= Task to complete =
Transcribe each record exactly; skip any picture.

= Exercise input =
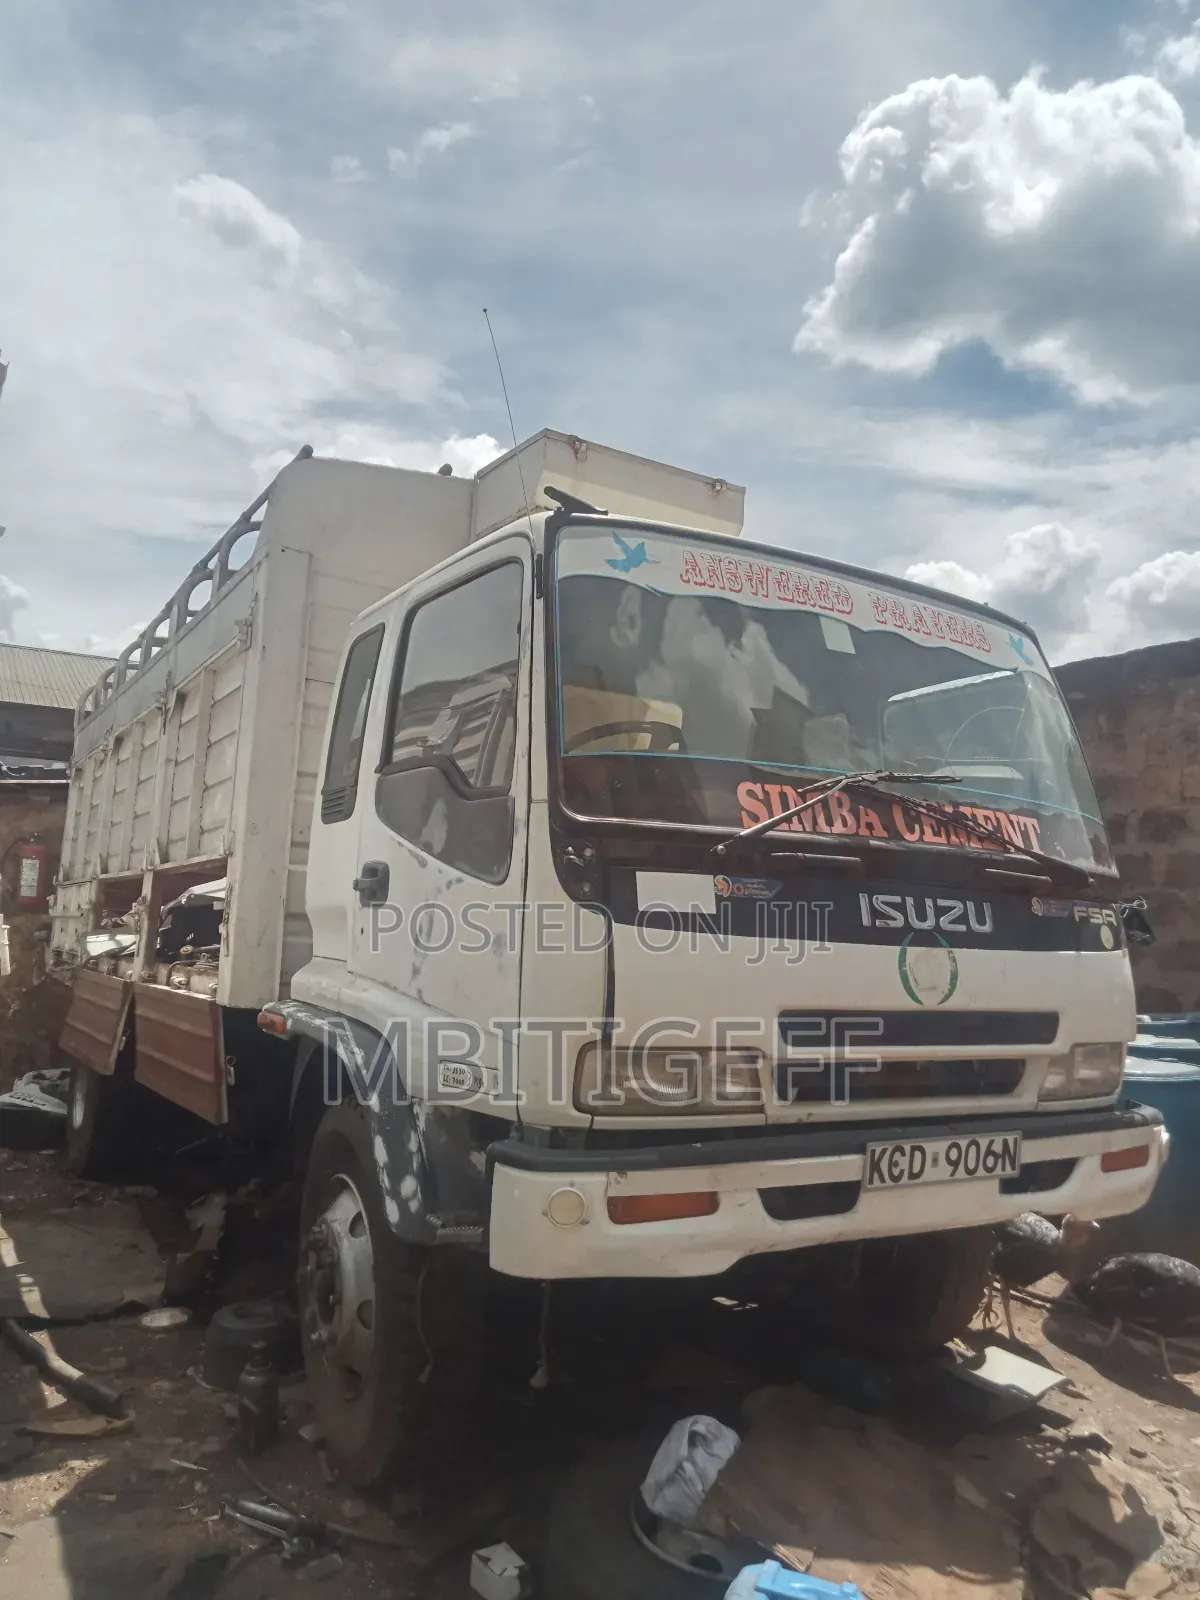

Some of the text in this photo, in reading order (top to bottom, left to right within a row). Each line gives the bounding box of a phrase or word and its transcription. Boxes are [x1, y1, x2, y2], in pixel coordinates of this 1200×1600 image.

[680, 550, 992, 653] ANSWERED PRAYERS
[736, 781, 1044, 854] SIMBA CEMENT
[858, 892, 994, 933] ISUZU
[1073, 906, 1118, 926] FSR
[867, 1136, 1019, 1186] KCD 906N

= Solution for this exercise =
Some of the text in this photo, in reading order (top to bottom, left to right within a row). Each line gives the bounding box of a phrase or word and its transcription. Boxes are [x1, y1, x2, y2], in pixel coordinates of this 1200×1600 image.

[680, 550, 992, 653] ANSWERED PRAYERS
[736, 781, 1044, 854] SIMBA CEMENT
[858, 892, 994, 933] ISUZU
[1073, 906, 1118, 926] FSR
[867, 1136, 1019, 1186] KCD 906N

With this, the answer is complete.